The Mystery Smell has several stages. First is Denial. The Mystery Smell is very tricky and subtle at the beginning. It seems to come from lots of different places and it makes me doubt myself. Face the facts, you have little kids. Bad smells happen every ten seconds. Sometimes they are quick and fleeting and sometimes they linger. I ask myself, “Did I really smell something bad or did the open window just bring in the neighbors overwarm trash smell?” I move on with my day believing that it will clear out. Then, I walk through my dining room/living room/playroom/whatever again and somehow The Mystery Smell has intensified. “No,” I think, “It is clearly in the house and it is all BAD.” My eyes are now watering.
This begins The Search. I must find the source. The Mystery Smell is familiar. In its trickiness it makes me think I know what it is, but I can’t quite place it. I know I’ve met The Mystery Smell before, but where? There are many levels in The Search. First, I check diapers – the obvious start, but never the answer when it comes to The Mystery Smell. I start moving furniture. Did I anger the cat last night? He was looking at me kind of funny when I turned off the lights. No. Nothing. Next, the teenagers. Who’s sweaty shirt is sitting in a corner or behind a door stinking it up like the laundry bin in the Seahawks locker room after the Superbowl? Nope. All the laundry is picked up. Then, halfway into The Search I abandon all reason and just start frantically scrubbing floors in a vain attempt to get rid of The Mystery Smell before someone drops by and thinks I live like that all the time. (This is the sub stage of The Search known as Panic.)

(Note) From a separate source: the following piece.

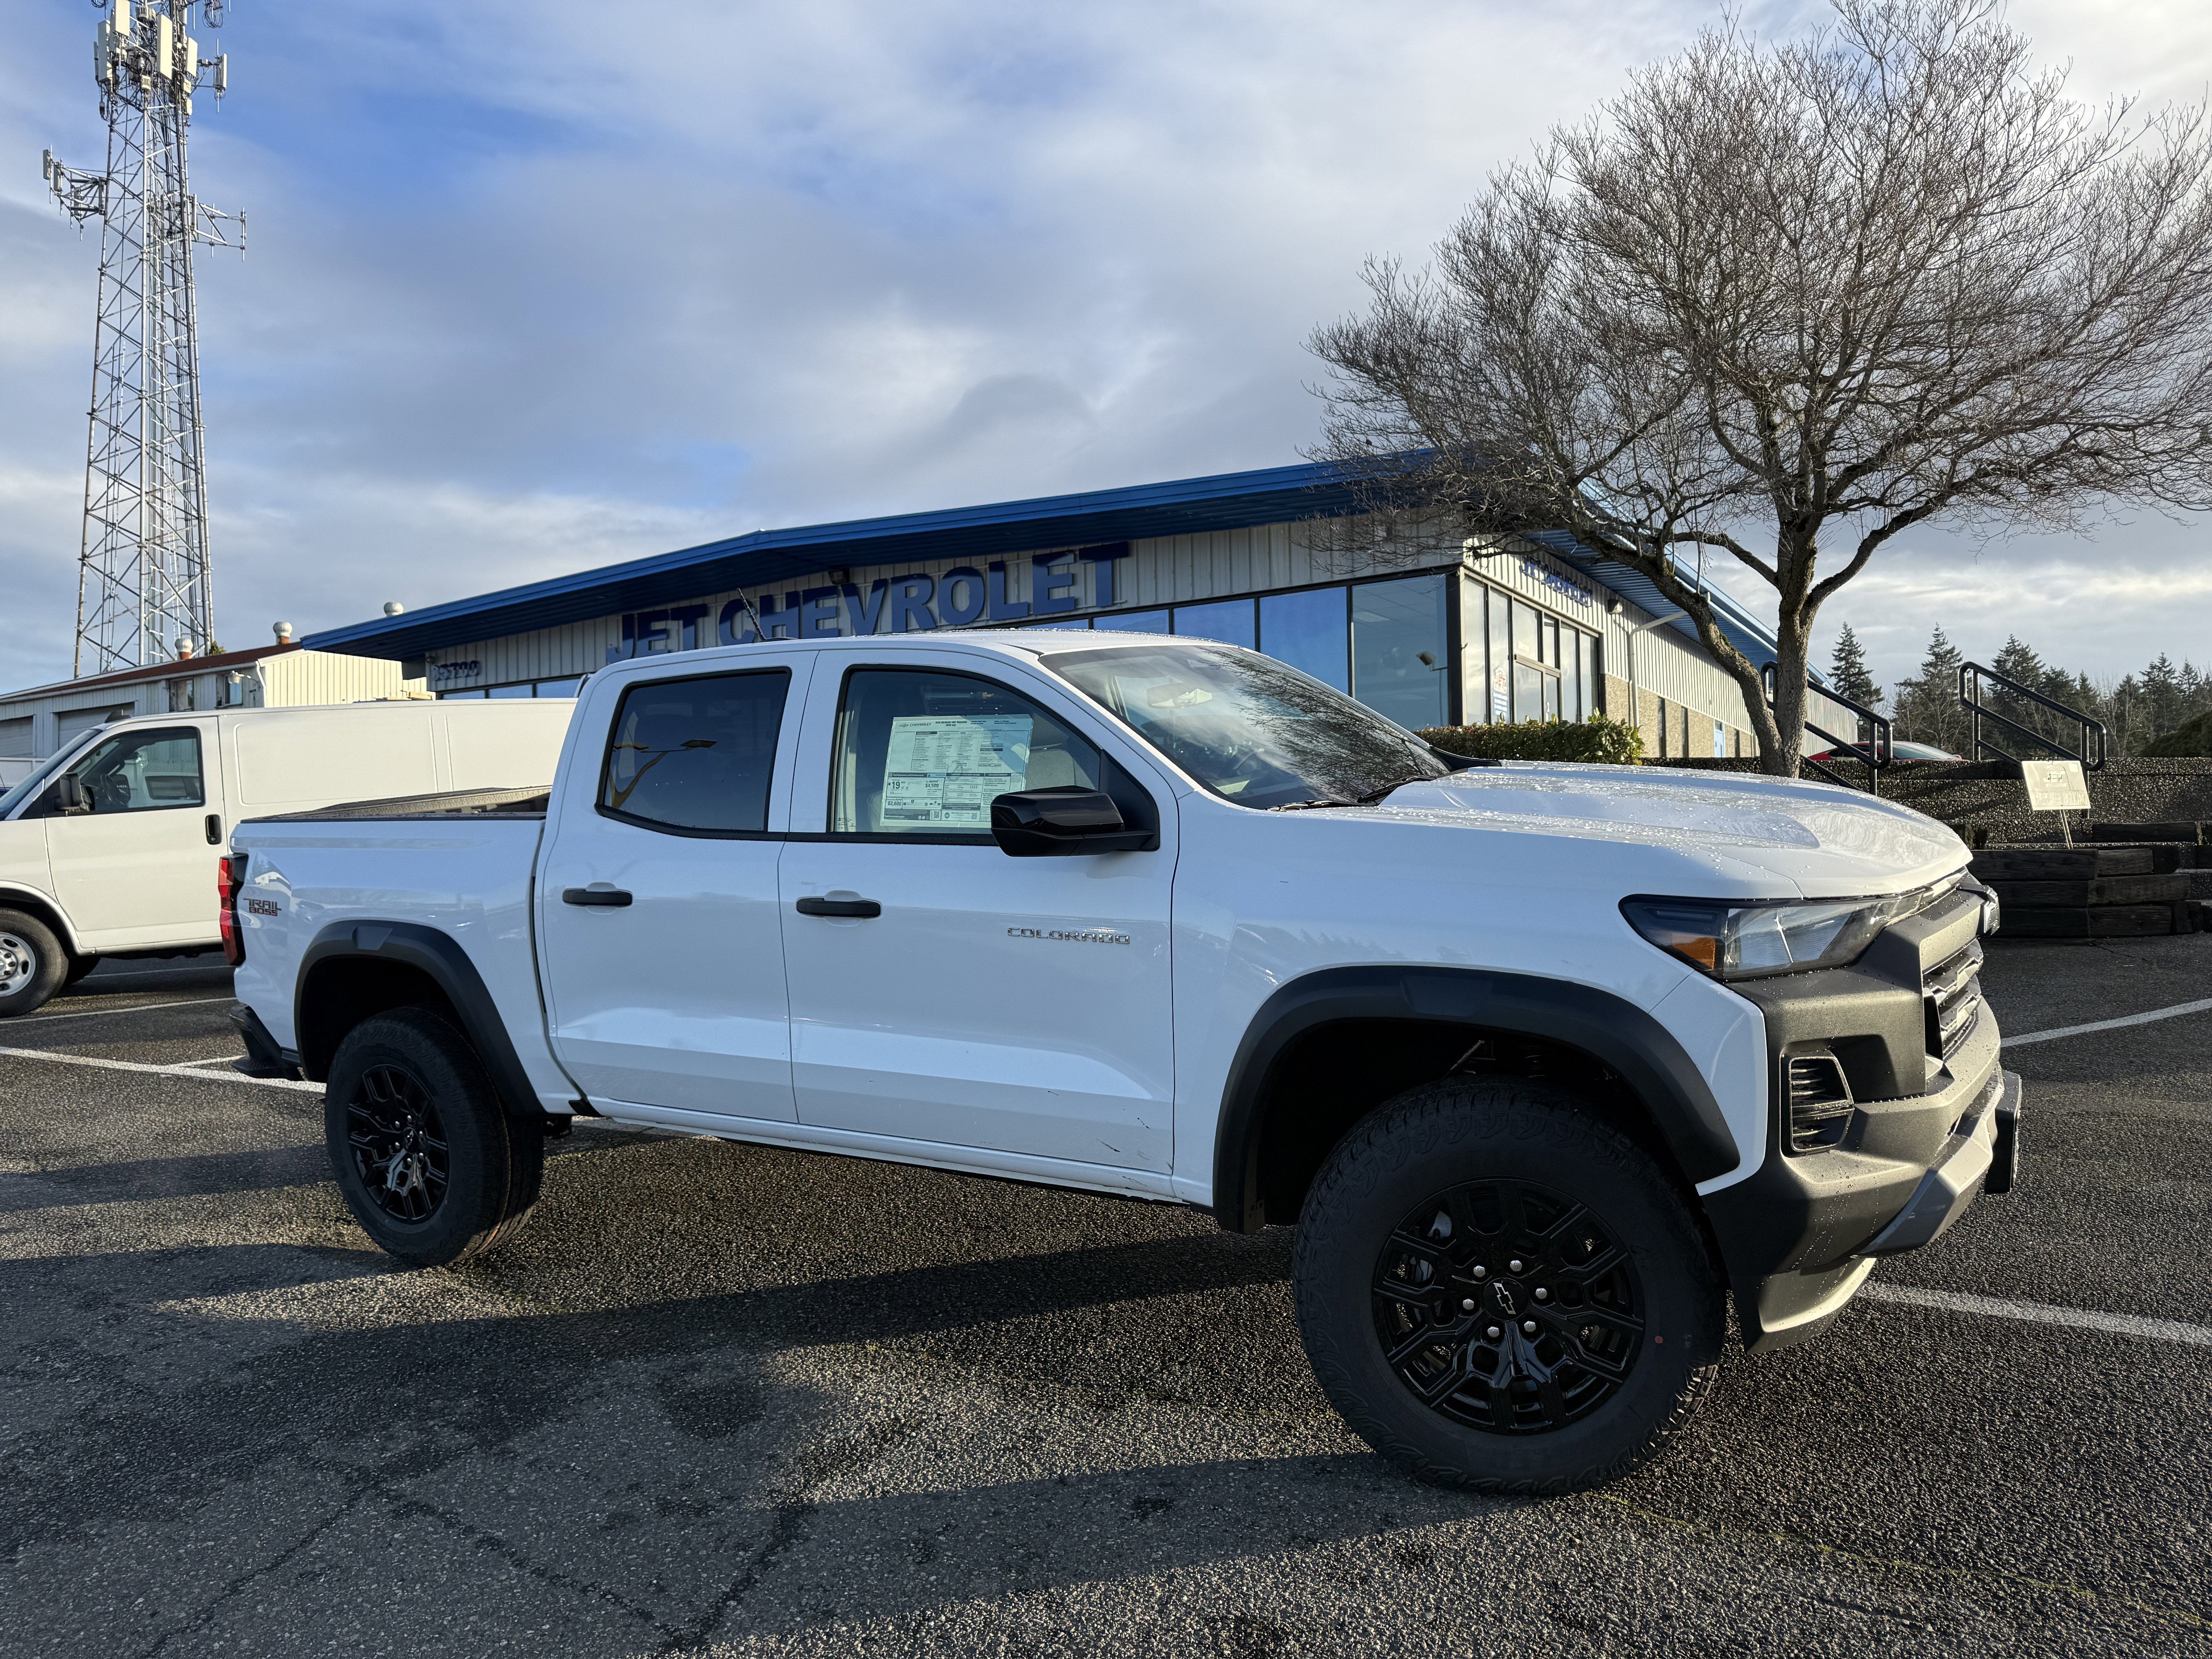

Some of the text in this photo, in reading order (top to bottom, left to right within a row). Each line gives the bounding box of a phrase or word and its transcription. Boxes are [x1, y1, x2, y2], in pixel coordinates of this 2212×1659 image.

About 30 minutes into my back breaking scrub down suddenly, it hits me. I KNOW The Mystery Smell. This begins the Discovery stage. A cartoon lightbulb literally shows up over my head and I go right to the source. The one spot that every toddler knows. Now, I don’t know where it is in YOUR house, but in my house it is under the cubbies, way in the darkest back corner with the dust bunnies. The Sippy Cup. Not just any sippy cup, but THE Sippy Cup. The one half full of milk. This is the sippy cup that the Hider is “saving” for later. The one he doesn’t want me to know about. I move the toys he’s strategically placed in front as camouflage and there it is. Half full of solid, congealed, smells like the worst combination of poop and BO anyone could ever imagine, milk. I wonder how I ever forget what this is.
Depending on the level of The Mystery Smell I must now make The Decision. Do I open it and try to clean it or take straight to the garbage? The Decision and subsequent Removal, unlike all other stages of The Mystery Smell, take seconds. If I tip The Sippy Cup upside down and nothing moves it goes straight to the garbage.
Finally, relief! After hours of confusion and frantic cleaning, I turn around and smile at the Hider of The Sippy Cup. He is so sweet. He smiles back and of course I instantly forgive him. After all, the house is clean and fresh and the awful smell is gone. He looks up at me with big, bright eyes, stretches his little arms out to me and says, “I poopy.”